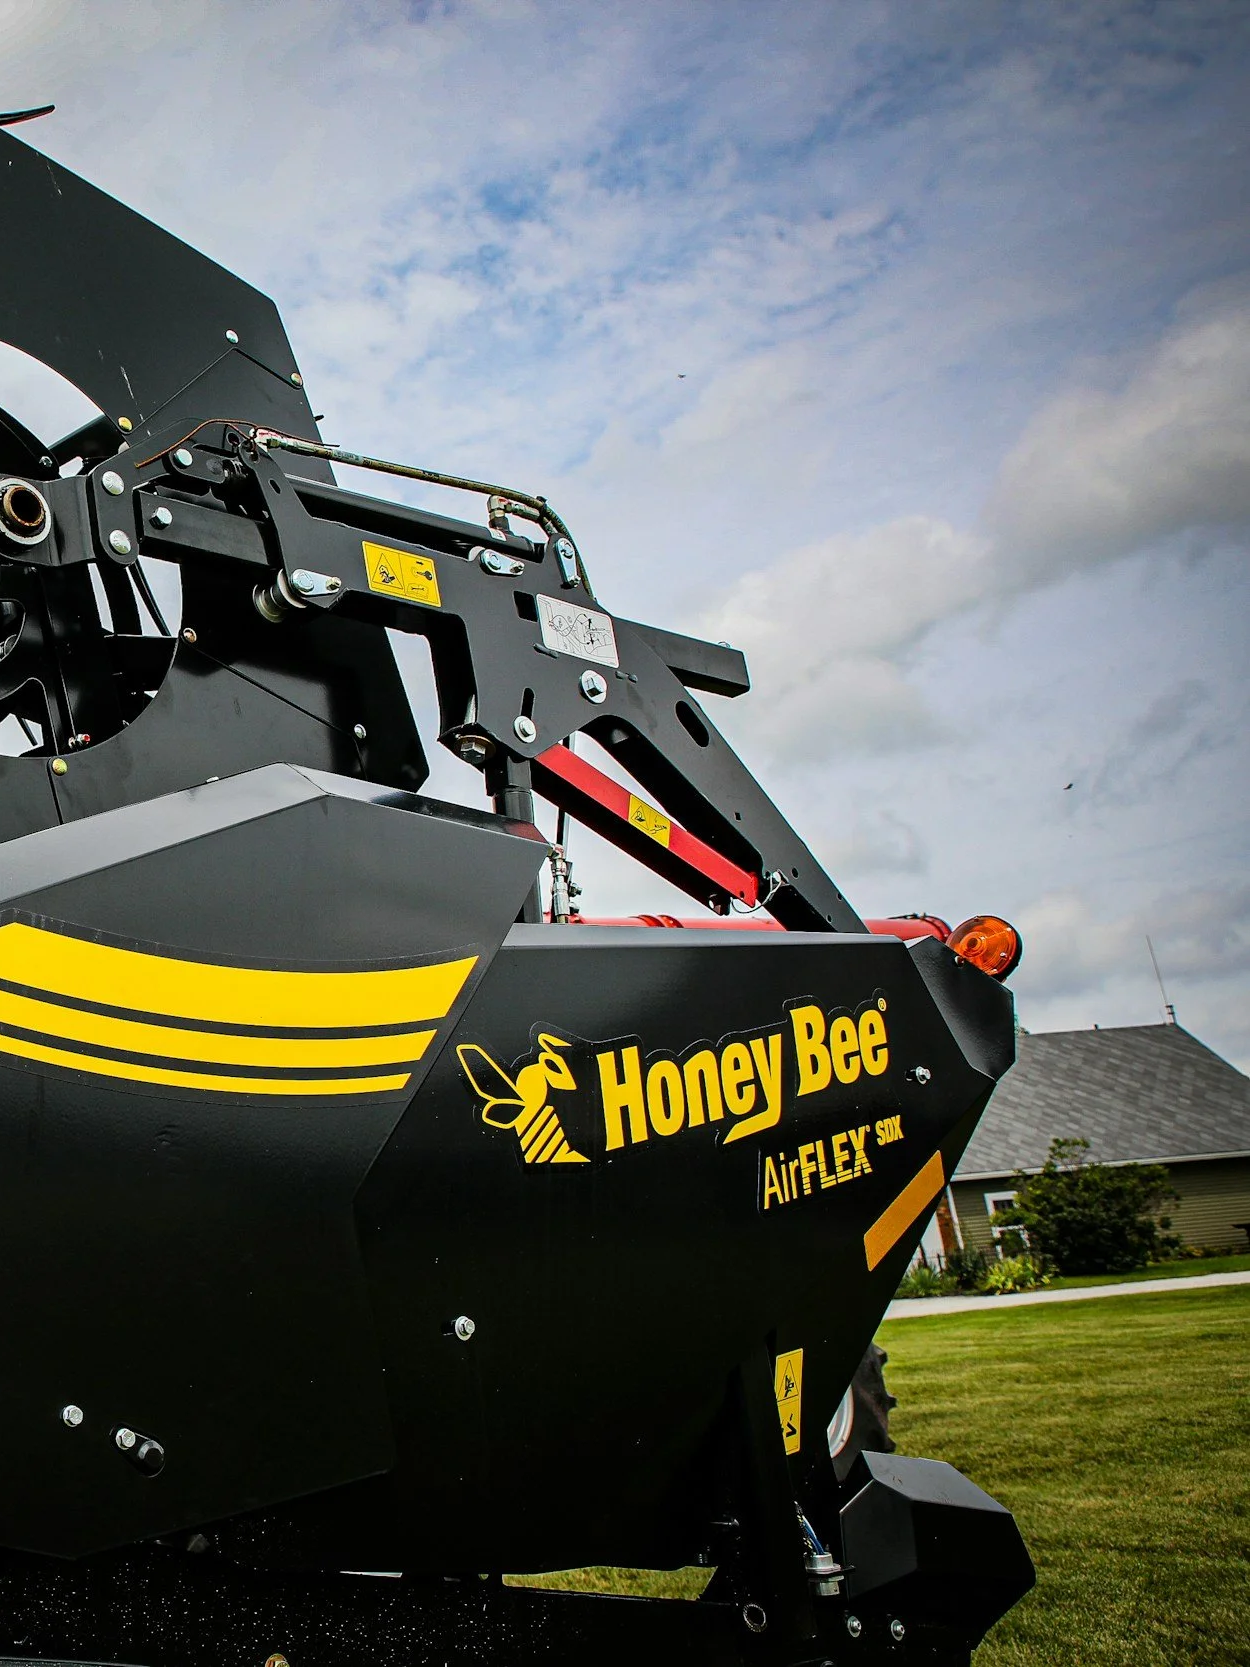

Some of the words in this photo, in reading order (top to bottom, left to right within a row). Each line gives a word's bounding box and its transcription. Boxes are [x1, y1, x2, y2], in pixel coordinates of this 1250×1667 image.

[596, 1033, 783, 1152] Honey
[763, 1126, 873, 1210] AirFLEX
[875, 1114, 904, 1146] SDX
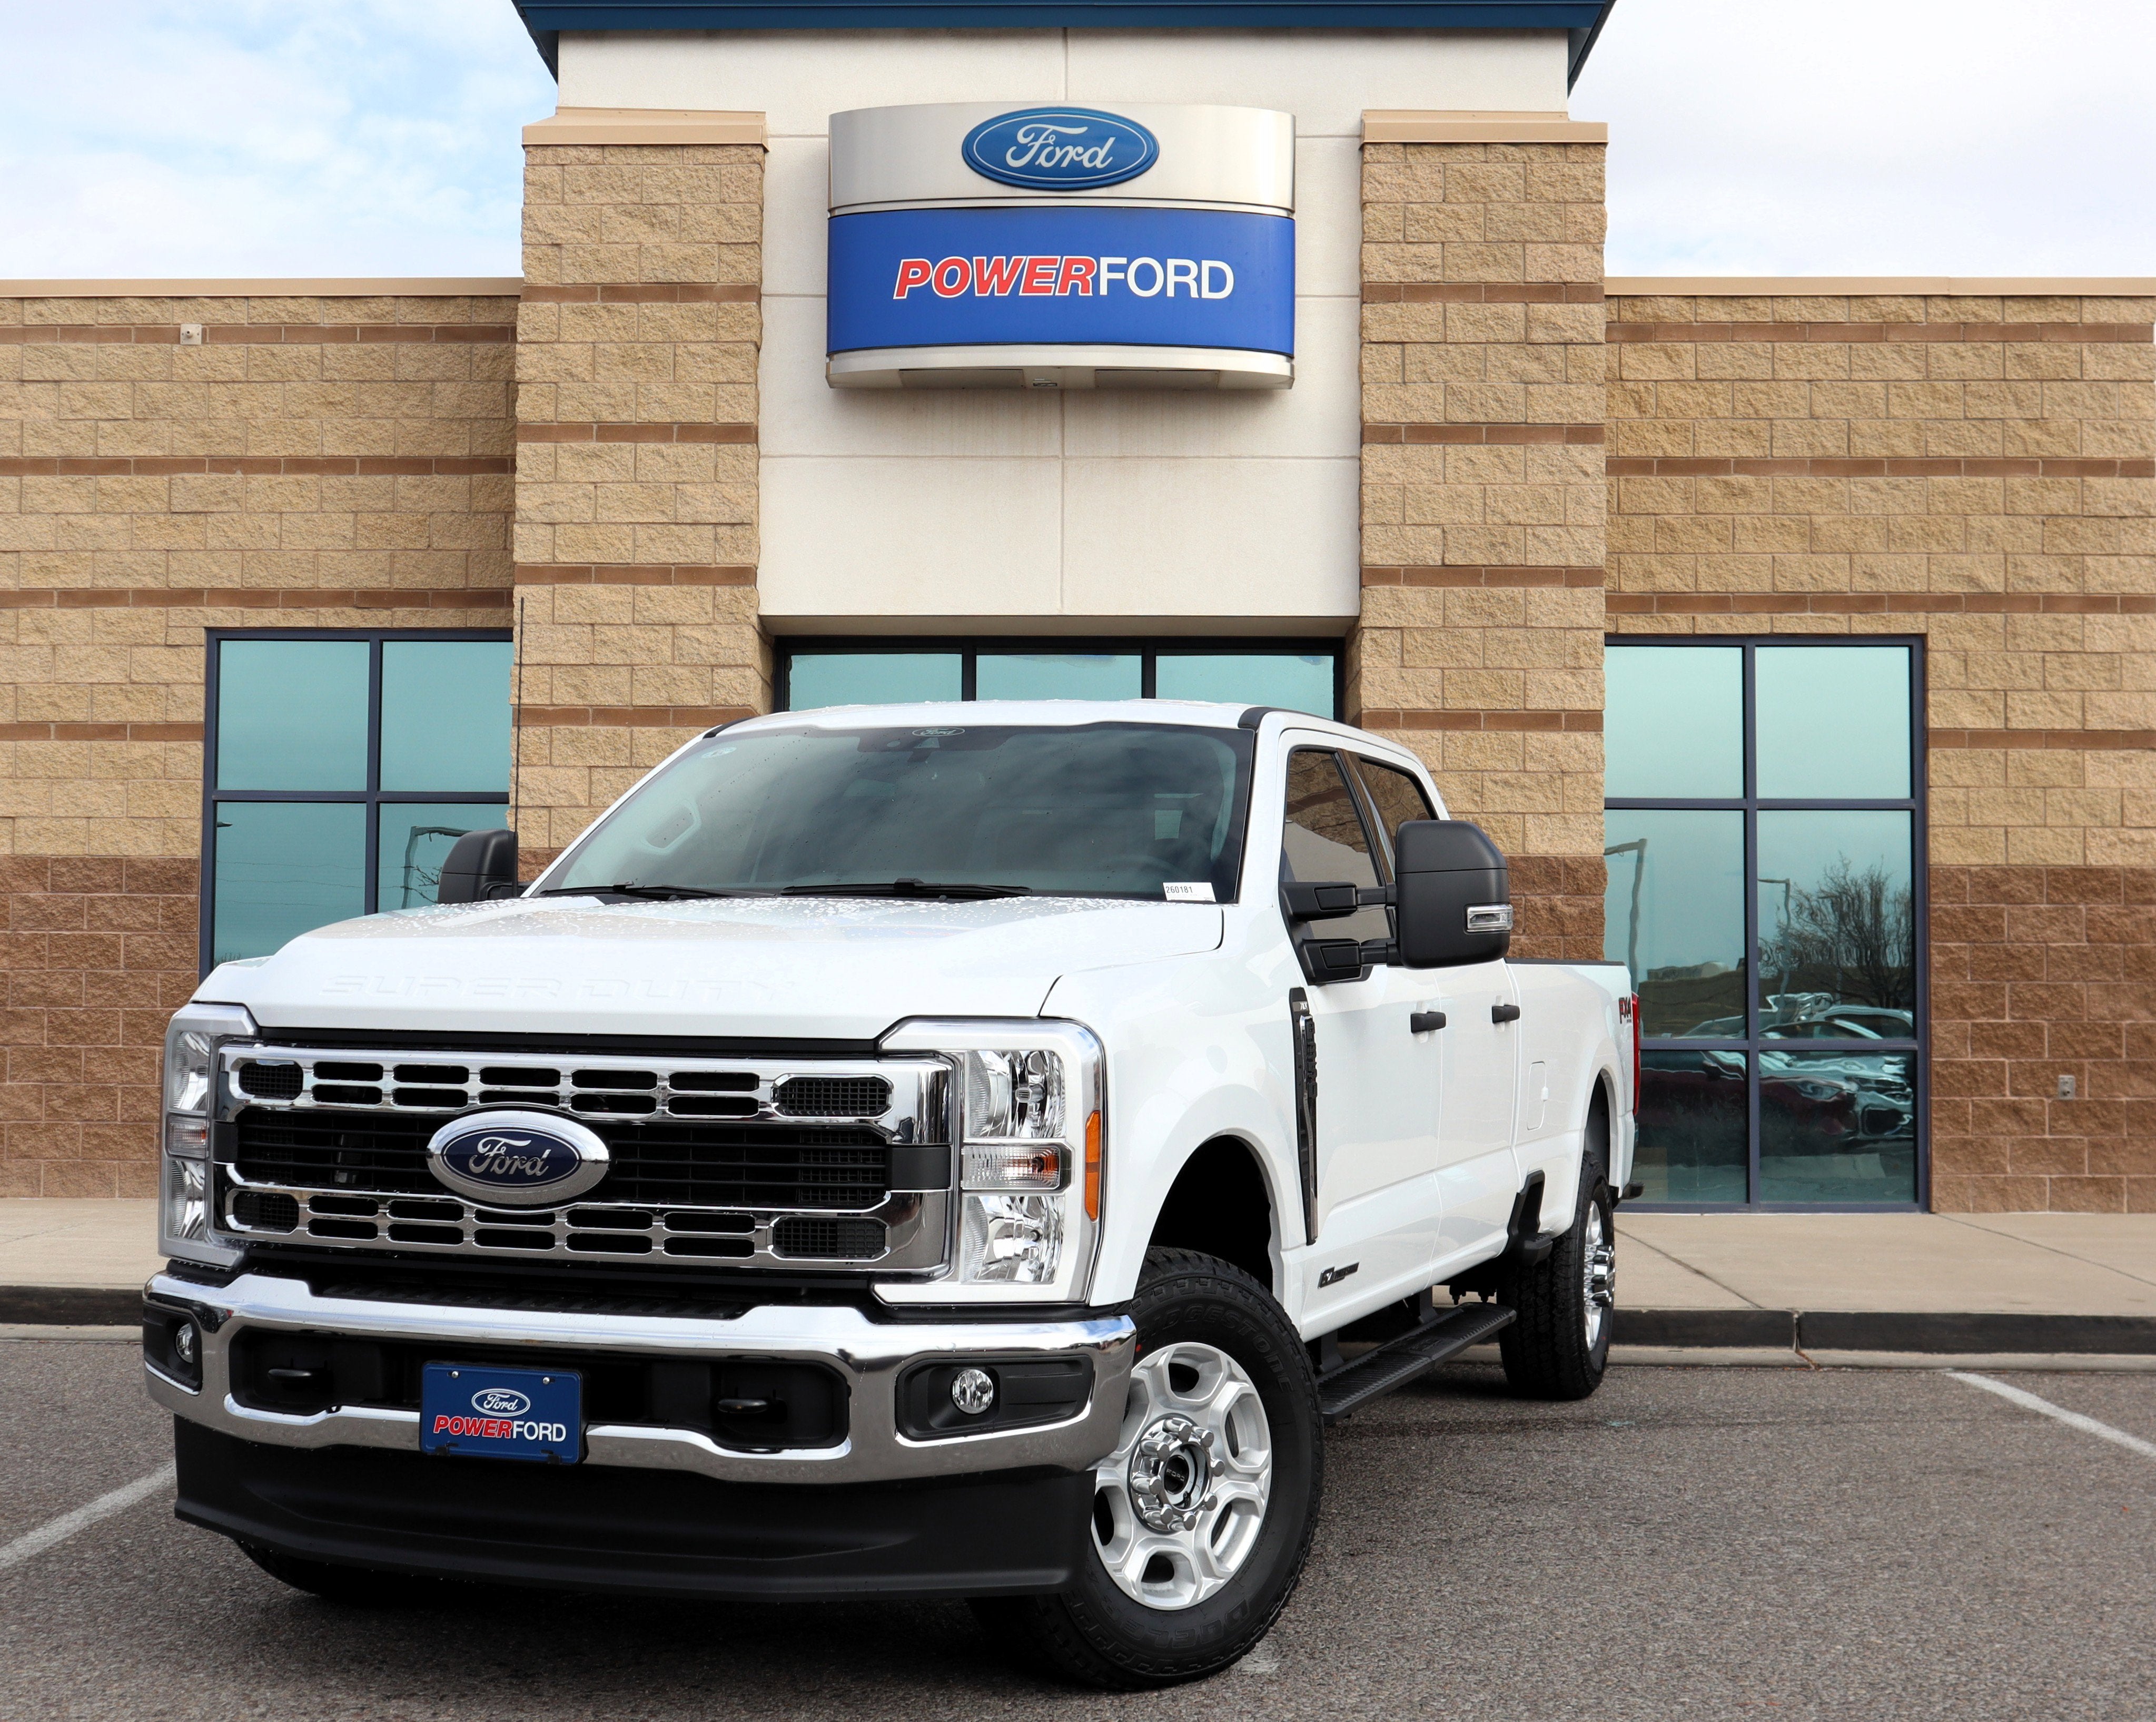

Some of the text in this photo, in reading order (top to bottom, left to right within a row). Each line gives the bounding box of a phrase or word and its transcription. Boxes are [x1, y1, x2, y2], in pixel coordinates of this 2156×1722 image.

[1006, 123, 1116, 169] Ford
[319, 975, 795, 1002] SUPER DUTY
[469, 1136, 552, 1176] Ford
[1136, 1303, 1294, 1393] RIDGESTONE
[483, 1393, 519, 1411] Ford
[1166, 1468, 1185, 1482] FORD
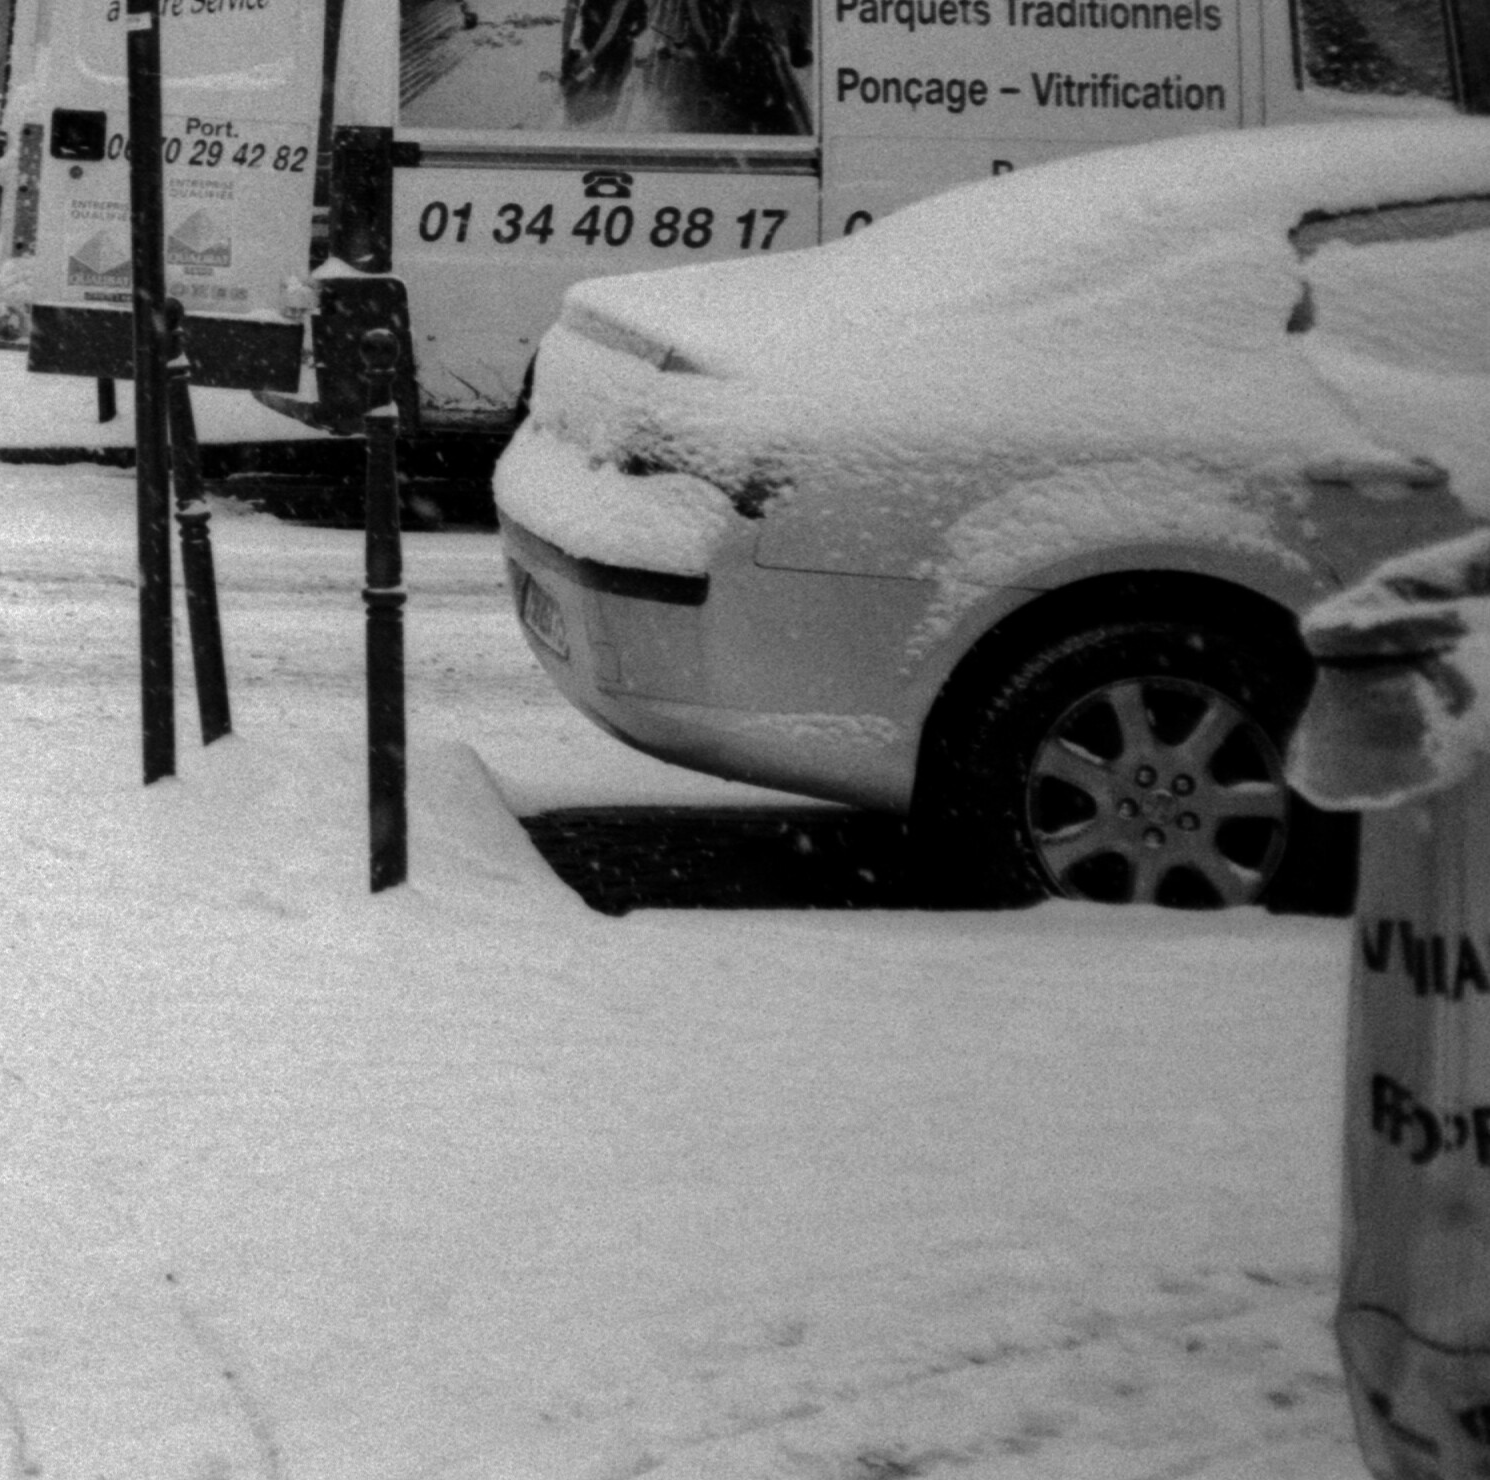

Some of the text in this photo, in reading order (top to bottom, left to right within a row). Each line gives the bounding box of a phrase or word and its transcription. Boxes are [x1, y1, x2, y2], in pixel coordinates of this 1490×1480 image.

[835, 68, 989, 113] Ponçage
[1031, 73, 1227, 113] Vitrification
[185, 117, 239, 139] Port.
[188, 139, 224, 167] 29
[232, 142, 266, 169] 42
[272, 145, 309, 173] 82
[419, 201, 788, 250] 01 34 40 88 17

----------

- [What this task involves] Transcribe the records in full and exactly. Pictures stay out.

- [Task result]
Some of the words in this photo, in reading order (top to bottom, left to right within a row). Each line gives a word's bounding box and its transcription. Boxes are [x1, y1, x2, y2], in pixel coordinates of this 1250×1667 image.

[596, 1033, 783, 1152] Honey
[763, 1126, 873, 1210] AirFLEX
[875, 1114, 904, 1146] SDX

Some of the text in this photo, in reading order (top to bottom, left to right within a row). Each line gives the bounding box of a phrase or word and its transcription. Boxes are [x1, y1, x2, y2], in pixel coordinates of this 2156×1722 image.

[1006, 123, 1116, 169] Ford
[319, 975, 795, 1002] SUPER DUTY
[469, 1136, 552, 1176] Ford
[1136, 1303, 1294, 1393] RIDGESTONE
[483, 1393, 519, 1411] Ford
[1166, 1468, 1185, 1482] FORD

Some of the text in this photo, in reading order (top to bottom, left to right within a row). Each line gives the bounding box of a phrase or word and its transcription. Boxes are [x1, y1, x2, y2], in pixel coordinates of this 1490×1480 image.

[835, 68, 989, 113] Ponçage
[1031, 73, 1227, 113] Vitrification
[185, 117, 239, 139] Port.
[188, 139, 224, 167] 29
[232, 142, 266, 169] 42
[272, 145, 309, 173] 82
[419, 201, 788, 250] 01 34 40 88 17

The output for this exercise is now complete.